> **Task**
Any pictures should be dropped; everything else in the records is to be returned exactly.

> **Stored data**
^^^^

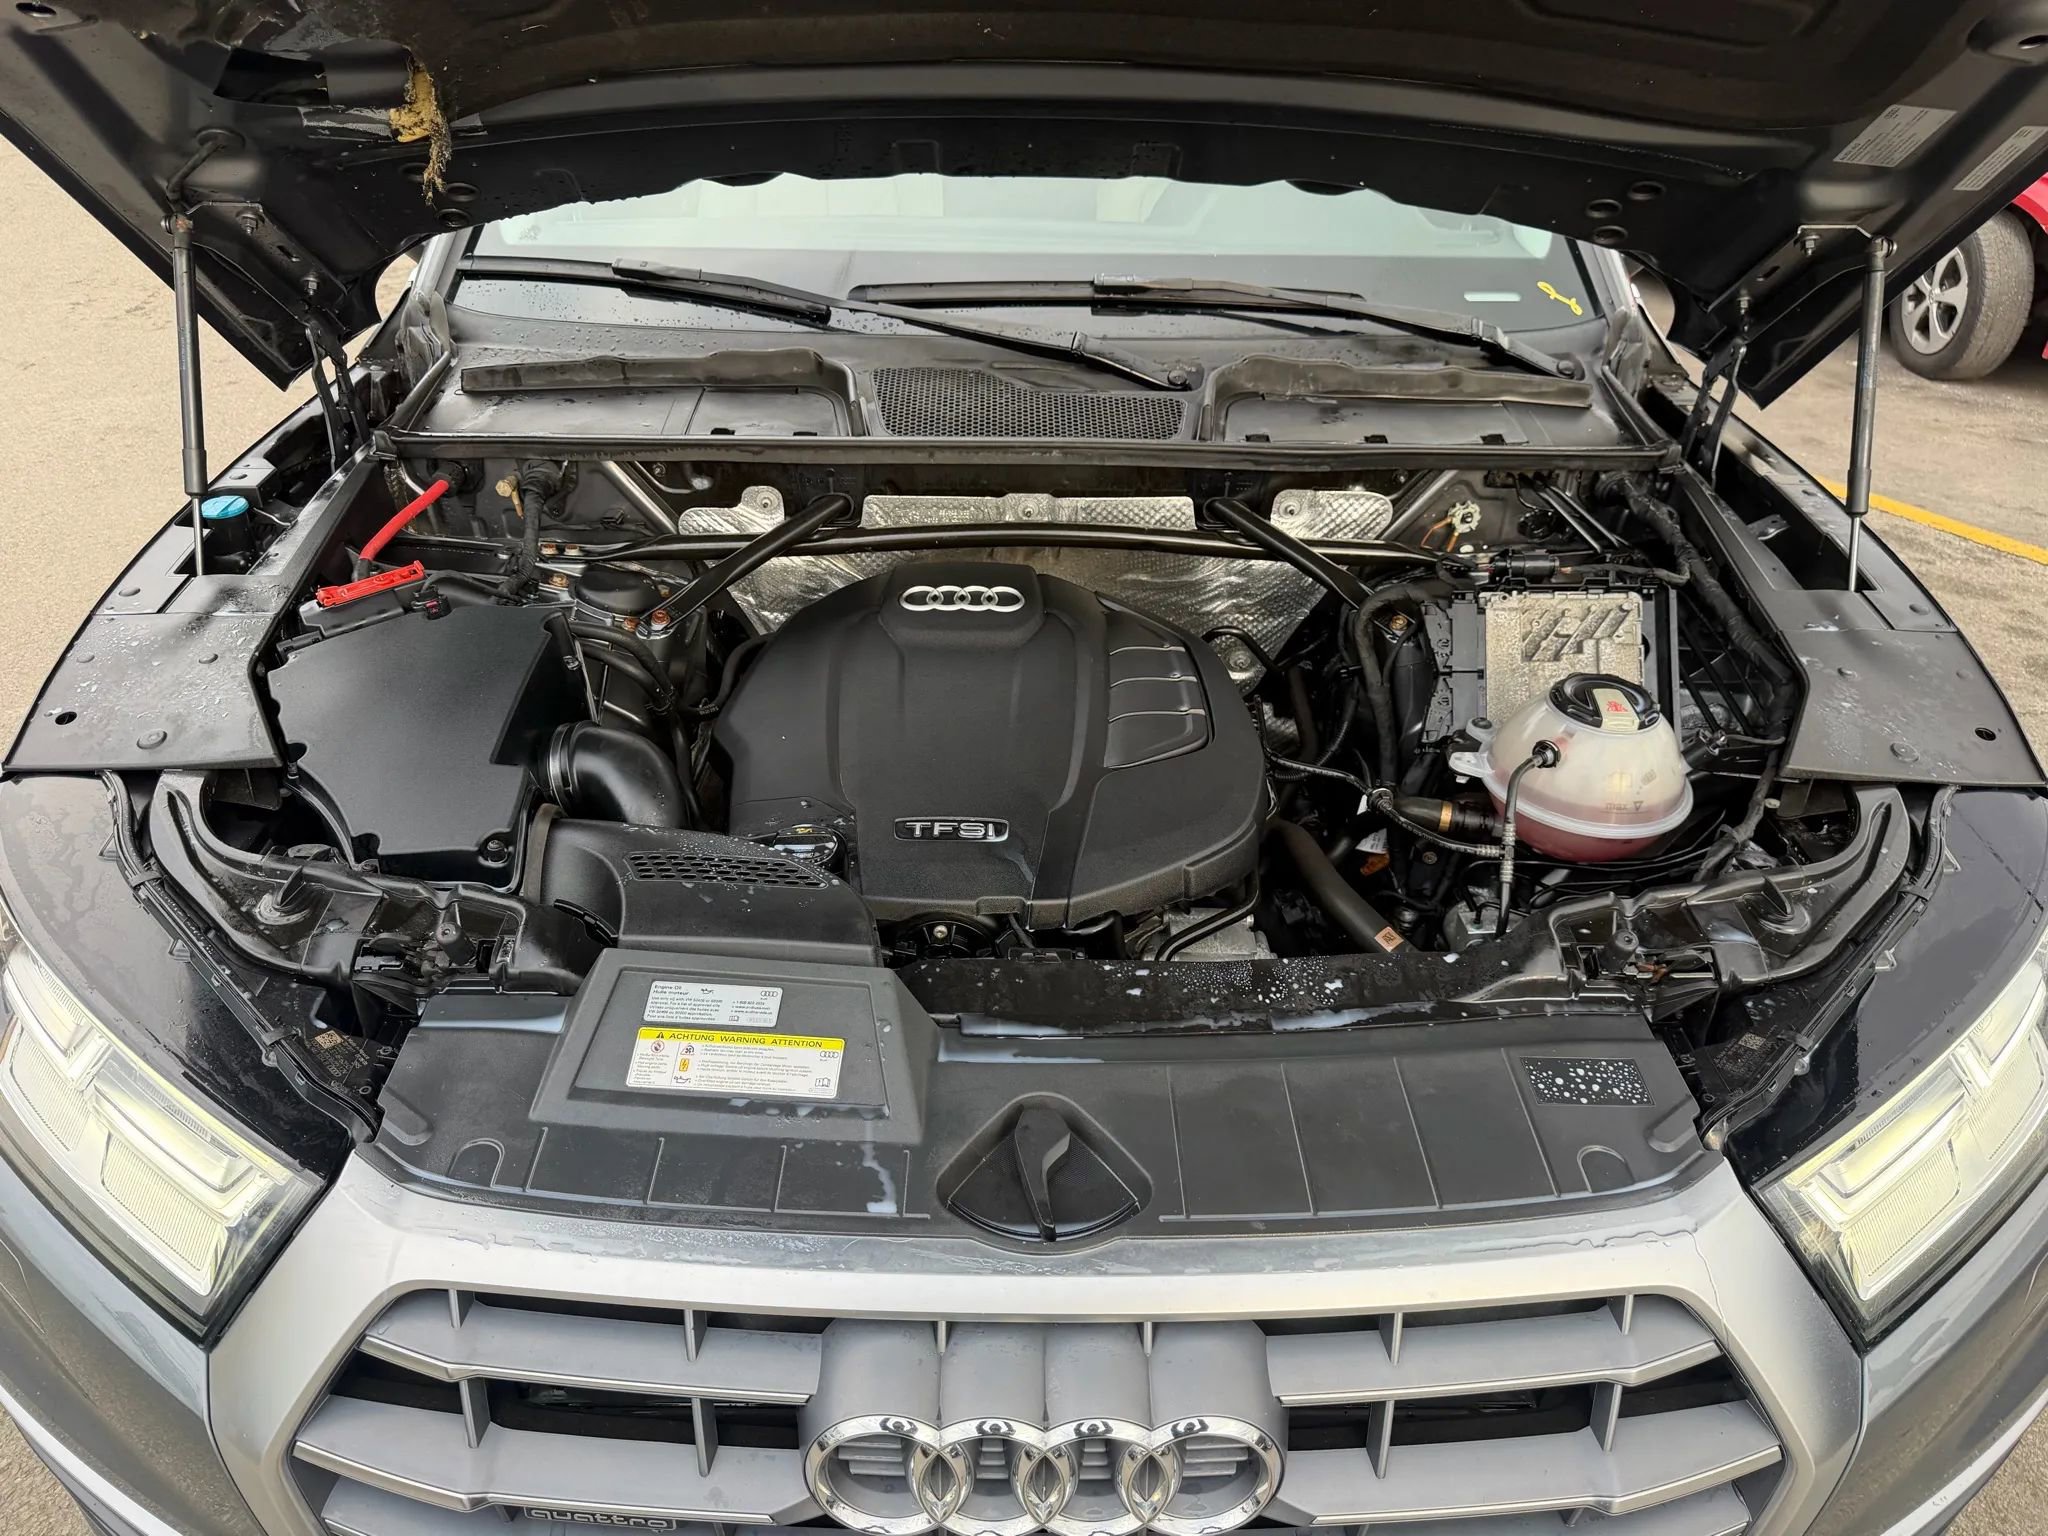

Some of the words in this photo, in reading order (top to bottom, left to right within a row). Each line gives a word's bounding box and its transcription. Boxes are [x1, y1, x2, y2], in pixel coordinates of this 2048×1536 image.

[905, 822, 996, 839] TFSI
[669, 1032, 715, 1042] ACHTUNG
[720, 1035, 766, 1045] WARNING
[771, 1039, 823, 1048] ATTENTION
[531, 1509, 668, 1528] quattro

^^^^

> **Response to this task**
Some of the words in this photo, in reading order (top to bottom, left to right within a row). Each line gives a word's bounding box and its transcription. Boxes are [x1, y1, x2, y2], in pixel coordinates of this 2048×1536 image.

[905, 822, 996, 839] TFSI
[669, 1032, 715, 1042] ACHTUNG
[720, 1035, 766, 1045] WARNING
[771, 1039, 823, 1048] ATTENTION
[531, 1509, 668, 1528] quattro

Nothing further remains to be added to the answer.